Objectives: 1. To define the “at risk” population, prone to developing laryngopharyngeal reflux. 2. To formulate major and minor risk factors for the clinical diagnosis of patients with laryngopharyngeal reflux. 3. To evaluate the efficacy of lifestyle management alone as a treatment option. 4. To formulate a treatment protocol for the management of patients and to prevent recurrence.

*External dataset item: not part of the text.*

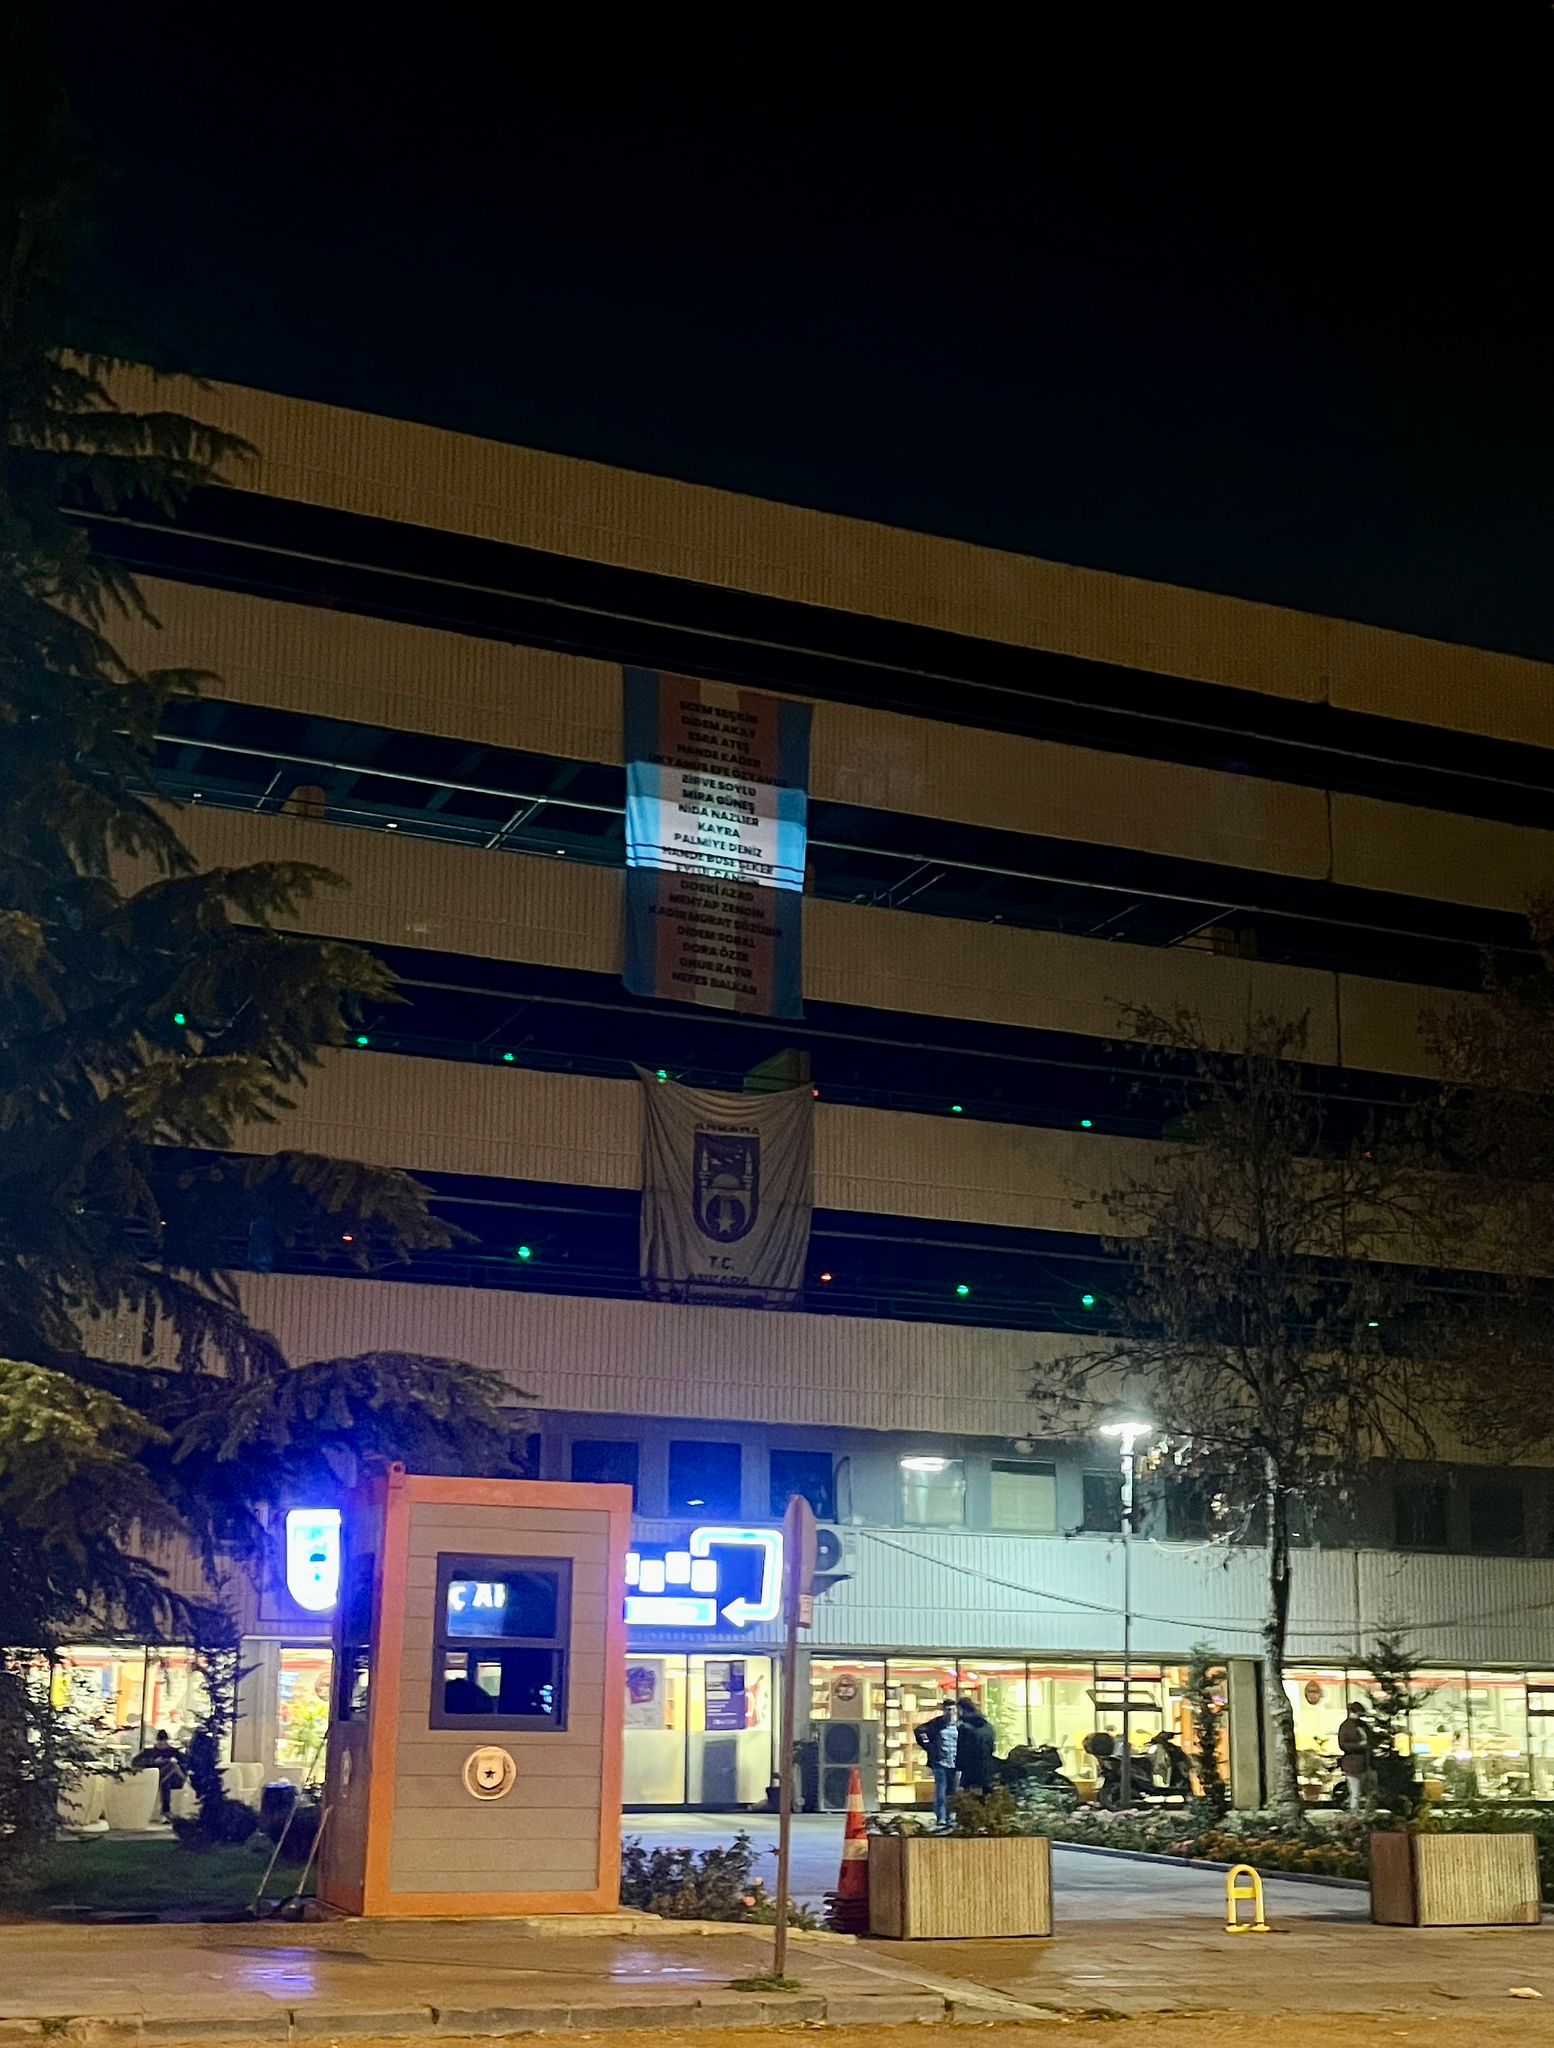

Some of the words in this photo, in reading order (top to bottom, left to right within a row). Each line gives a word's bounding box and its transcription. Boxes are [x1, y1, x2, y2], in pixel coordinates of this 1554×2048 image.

Study design: We performed a prospective analysis of 234 patients diagnosed with laryngopharyngeal reflux. Patients were randomized into study and control groups based on the treatment protocol, using a computer generated randomization table and were single blinded to the type of therapy received. A complete analysis of the possible risk factors, symptoms, and signs was performed with statistical analysis.

Results and conclusion: The data has helped us define the “at risk” population and formulate the criteria to diagnose cases of laryngopharyngeal reflux, clinically. The results emphasize the non-requirement of invasive or costly investigations for all patients and indicate the probable protocol to be followed prior to considering further investigation. The role of long term proton pump inhibitor treatment along with lifestyle modification in the initial phase of treatment, as mentioned in the literature, was re-confirmed by our study. However, in addition to the initial treatment, the study establishes the need for continuing lifestyle modification further for at least six months after the cessation of proton pump inhibitor therapy to prevent early recurrence of symptoms.